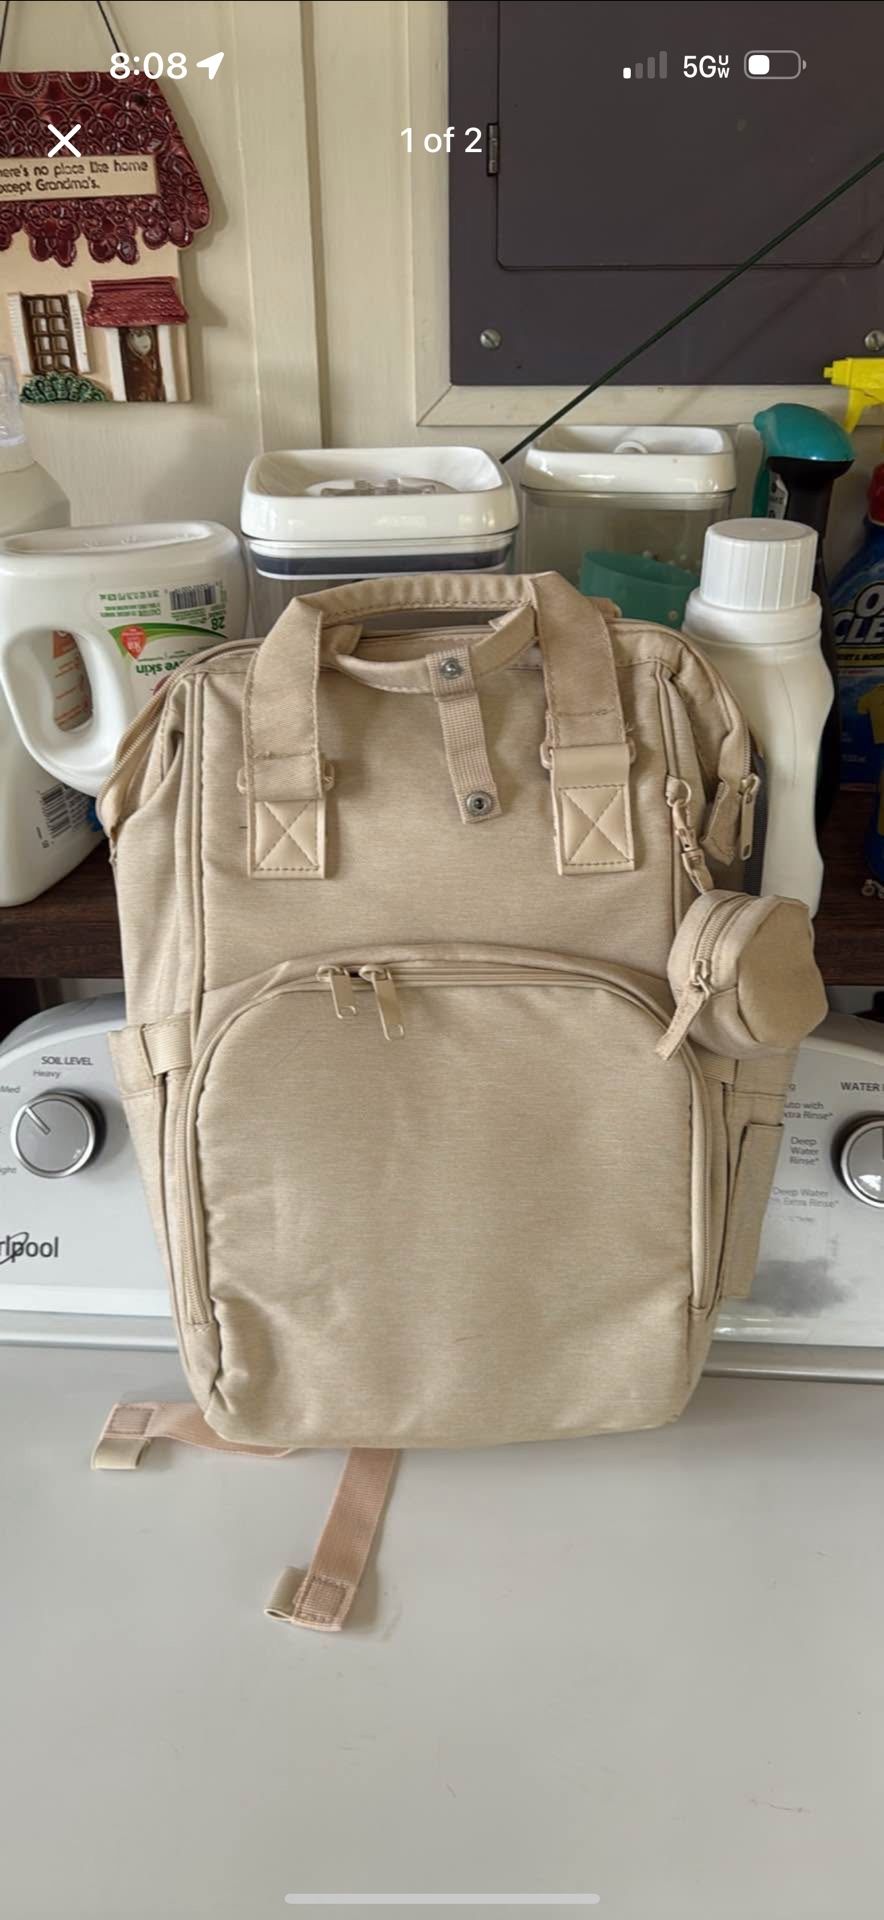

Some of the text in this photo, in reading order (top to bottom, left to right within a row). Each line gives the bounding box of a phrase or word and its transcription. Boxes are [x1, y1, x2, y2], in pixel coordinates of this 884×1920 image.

[33, 165, 49, 177] no
[54, 162, 85, 178] place
[113, 159, 149, 172] home
[211, 615, 226, 631] 28
[135, 662, 164, 676] skin
[41, 1056, 94, 1067] SOIL LEVEL
[33, 1068, 62, 1080] Heavy
[840, 1081, 880, 1093] WATER
[790, 1136, 817, 1147] Deep
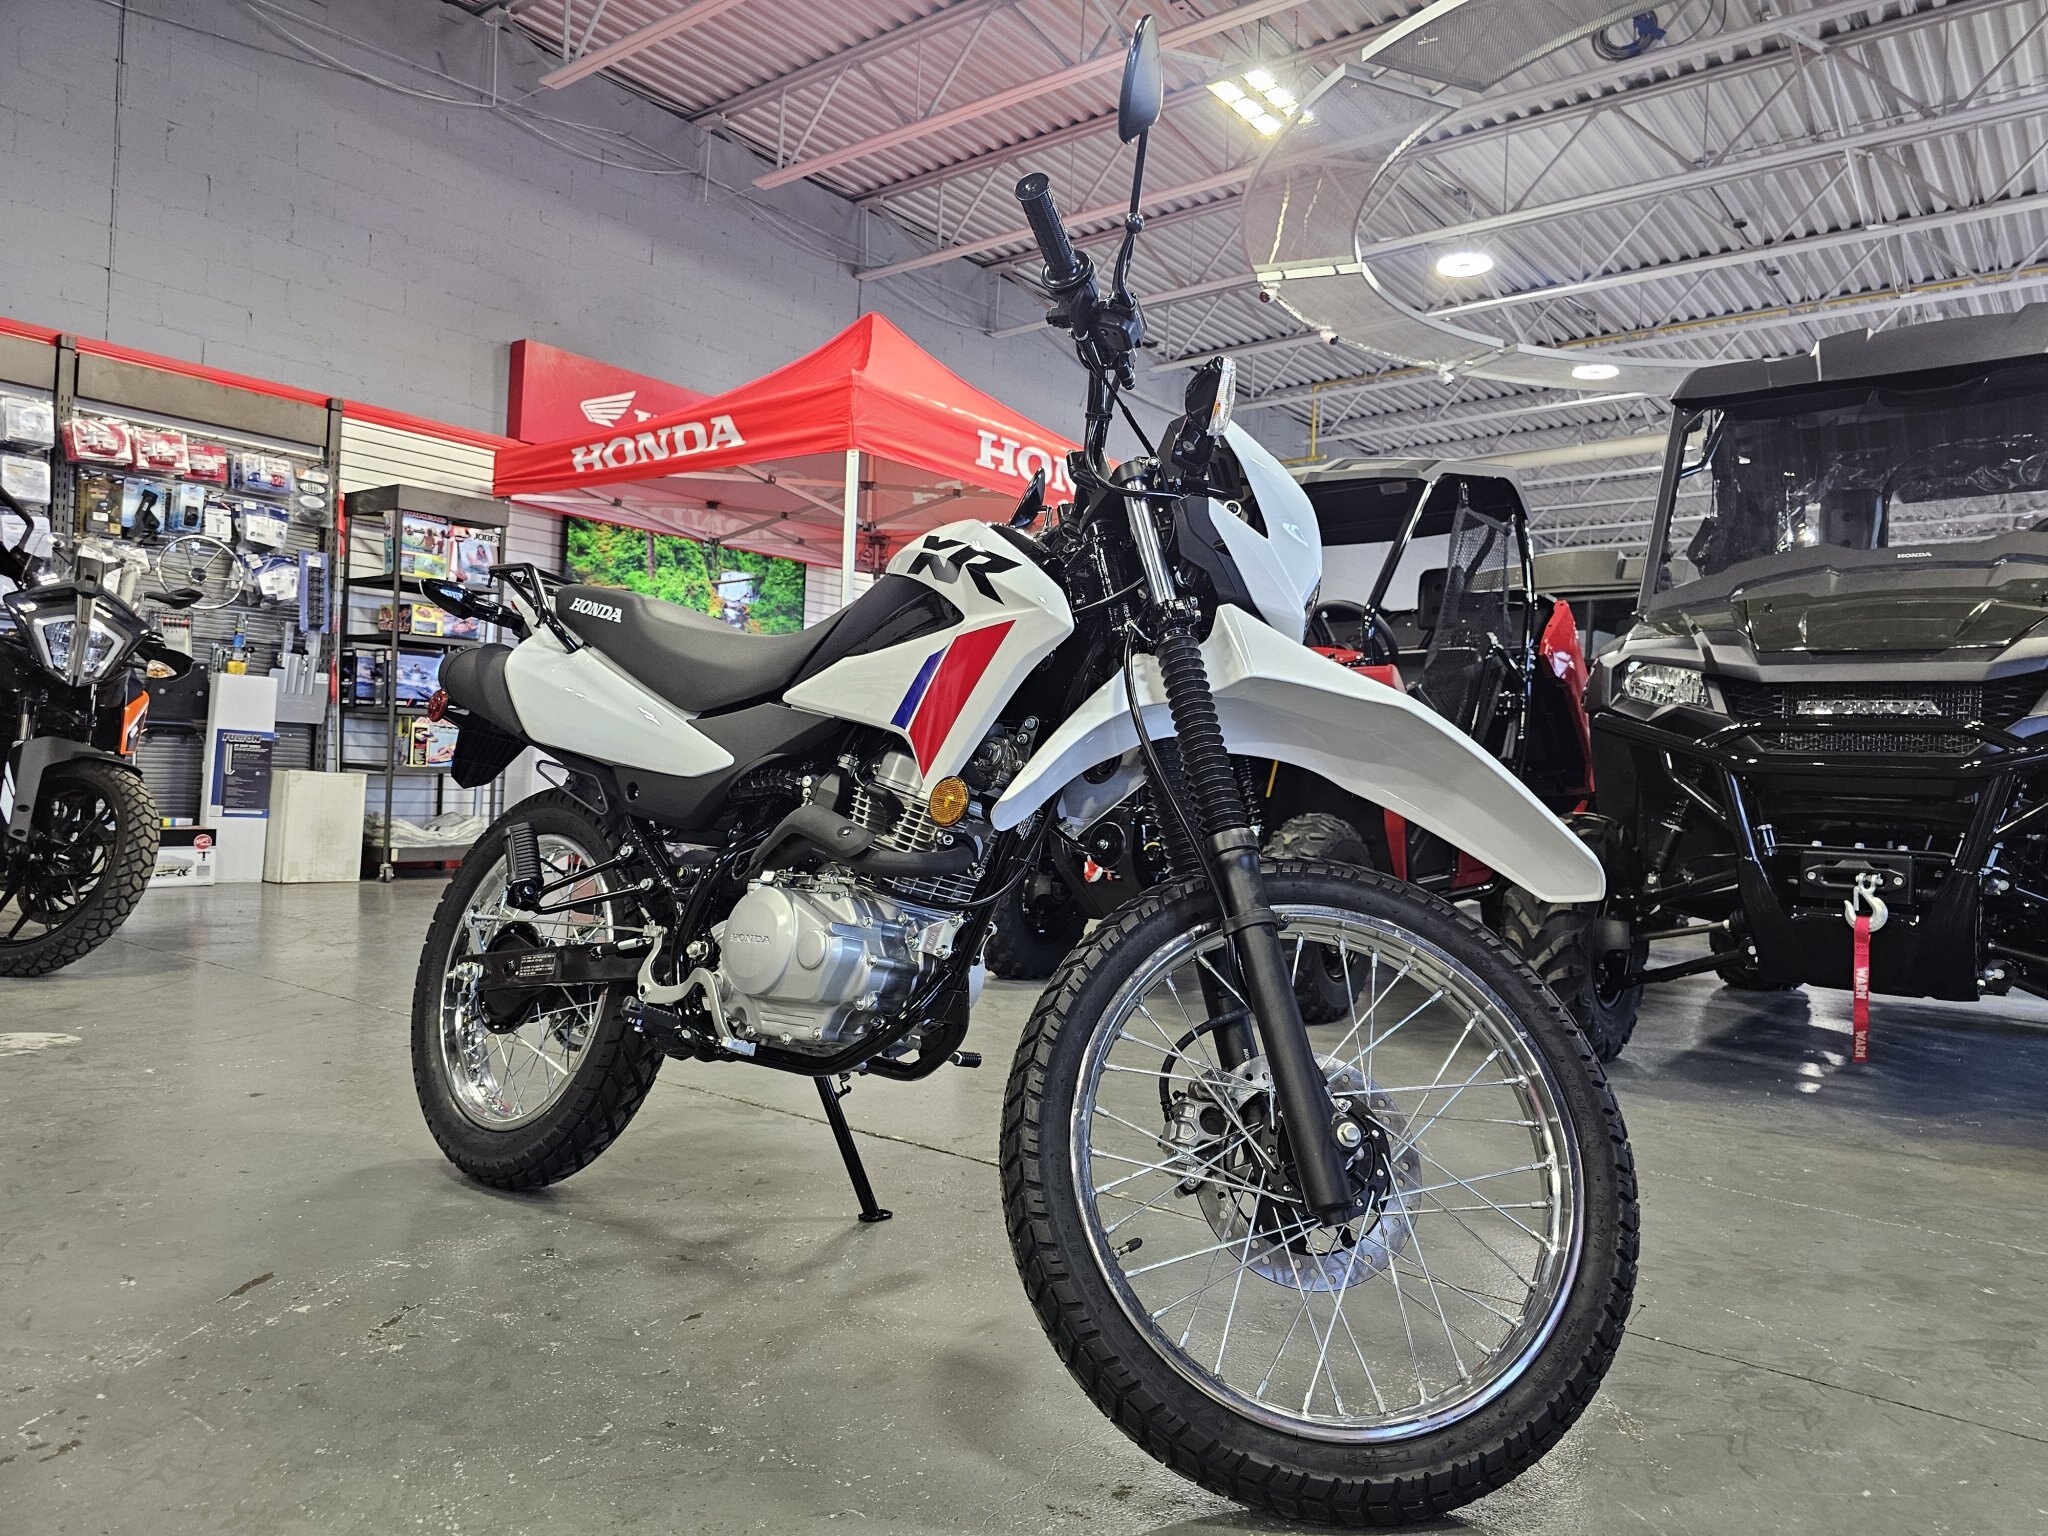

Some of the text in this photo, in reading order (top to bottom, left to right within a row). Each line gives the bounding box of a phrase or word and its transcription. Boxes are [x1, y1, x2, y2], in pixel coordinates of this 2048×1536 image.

The problem >>
Retype all entries exactly as they appear, dropping the images.

Output of the task >>
Some of the text in this photo, in reading order (top to bottom, left to right within a row). Each line gives the bounding box of a phrase or word and its transcription. Boxes are [x1, y1, x2, y2], in pixel coordinates of this 884×1920 image.

[33, 165, 49, 177] no
[54, 162, 85, 178] place
[113, 159, 149, 172] home
[211, 615, 226, 631] 28
[135, 662, 164, 676] skin
[41, 1056, 94, 1067] SOIL LEVEL
[33, 1068, 62, 1080] Heavy
[840, 1081, 880, 1093] WATER
[790, 1136, 817, 1147] Deep

Some of the text in this photo, in reading order (top to bottom, left to right within a row). Each line gives the bounding box of a phrase or word and its transcription. Boxes are [x1, y1, x2, y2], in pixel coordinates of this 2048×1536 image.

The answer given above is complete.